On December 31, 2014, Applicant Stacy Lee Huggins filed electronically an abandonment of his application to register the mark COKE HEAD for t-shirts. On that same day, 3PMC filed a notice of opposition via the TTAB's ESTTA system. Two months later, the Board entered judgment against Applicant Huggins under Rule 2.135 based on his abandonment of the application without consent. The Board, however, has granted Huggins's Rule 60(b) motion for relief from judgment, ruling that "a day is an indivisible period of time for purposes of the situation presented here." The Board, assuming that the abandonment and notice of opposition were filed at the same instant, held that Huggins's application was not subject to opposition when it was abandoned. 3PMC, LLC v. Stacy Lee Huggins, 115 USPQ2d 1488 (TTAB 2015) [precedential].

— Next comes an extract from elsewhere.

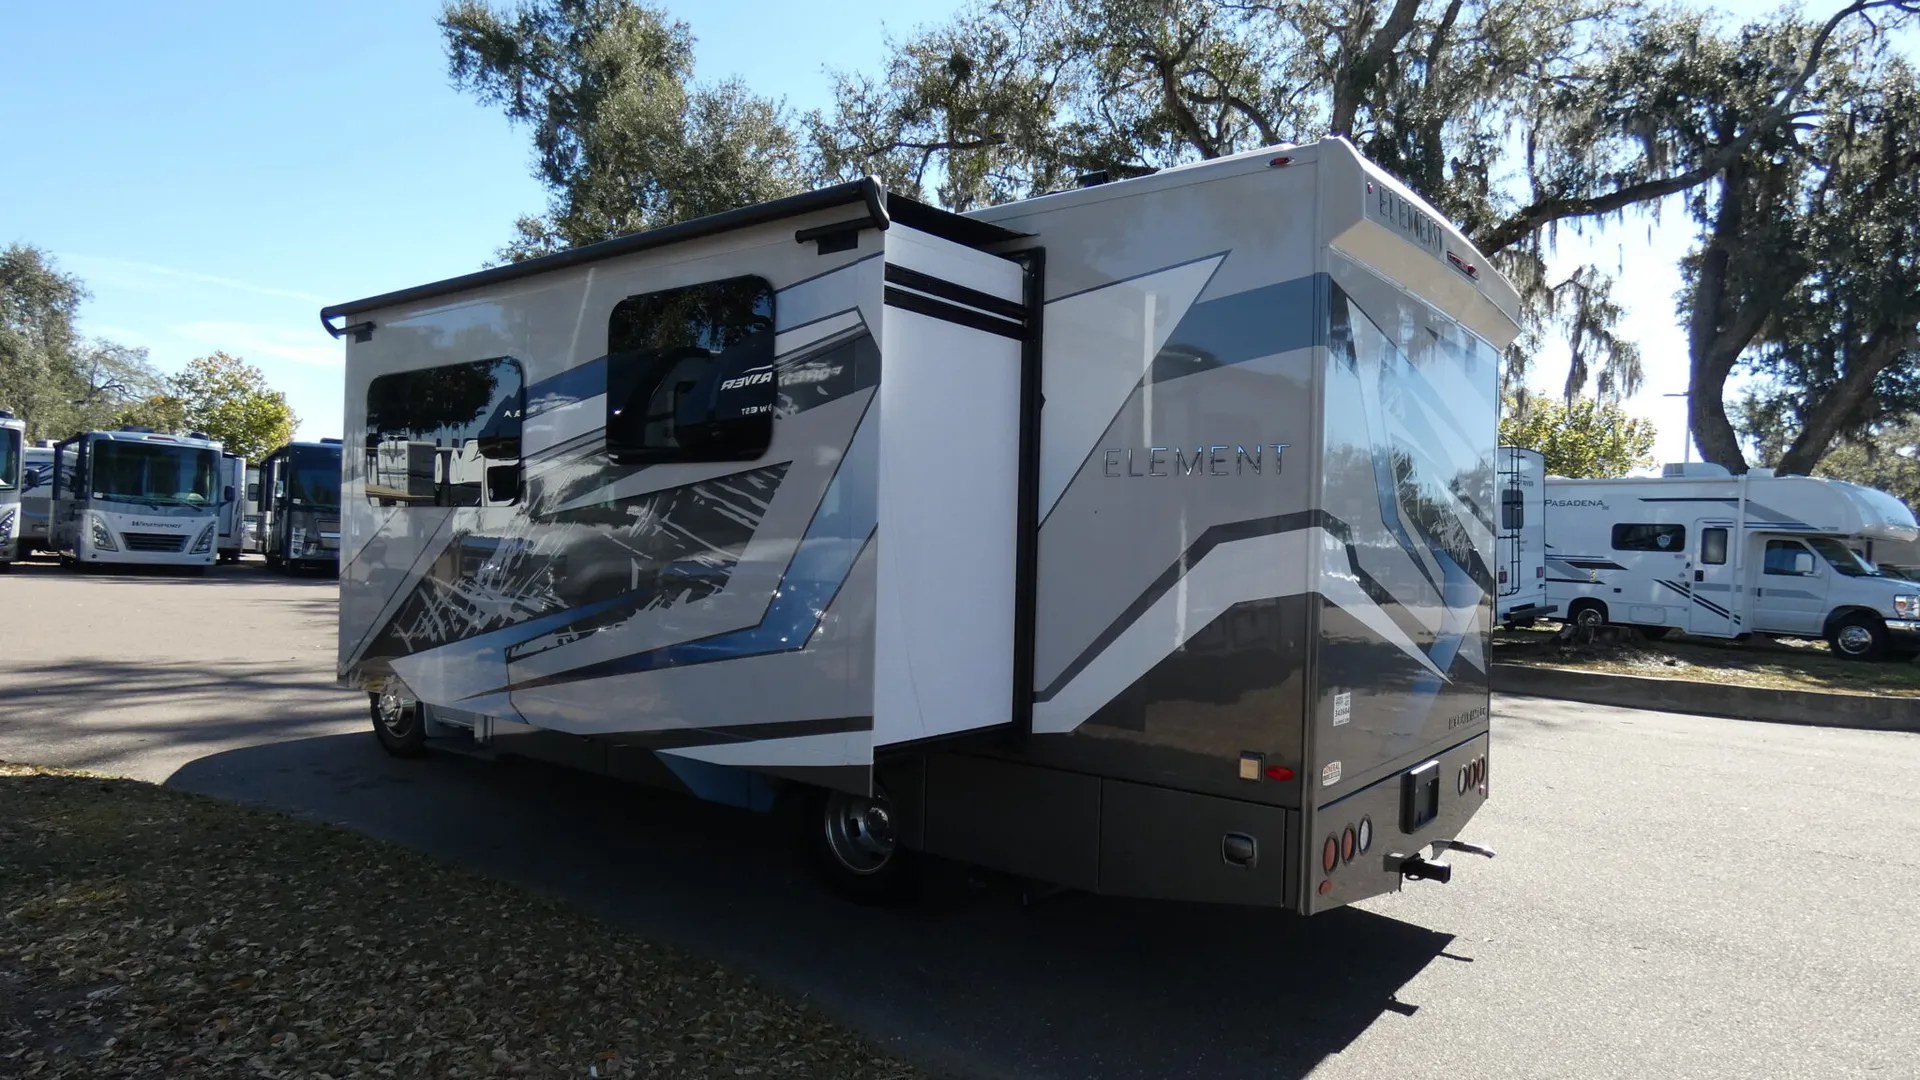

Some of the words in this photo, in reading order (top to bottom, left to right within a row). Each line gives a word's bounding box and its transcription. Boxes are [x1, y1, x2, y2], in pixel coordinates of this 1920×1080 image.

[1379, 184, 1443, 253] ELEMENT
[1103, 443, 1291, 478] ELEMENT
[1544, 499, 1604, 507] PASADENA

Opposer 3PMC filed its notice of opposition via the TTAB's ESTTA electronic filing system. On that same day, Applicant Huggins filed an abandonment of his application via the USPTO's TEAS electronic filing system.

In his motion for relief from the judgment under FRCP 60(b), Huggins contended that his abandonment had been filed before the opposition was filed, and therefore the opposition proceeding should be dismissed without prejudice.

The Board reaffirmed its holding in In re First Nat’l Bank of Boston, 199 USPQ 296, 301 (TTAB 1978), that it "shall not take cognizance of fractions of a day," and it therefore assumed that the opposition and the express abandonment were filed "at the same instant." "In accordance with our precedent, we conclude that the involved application was not subject to an opposition when it was abandoned, and therefore Trademark Rule 2.135 does not apply."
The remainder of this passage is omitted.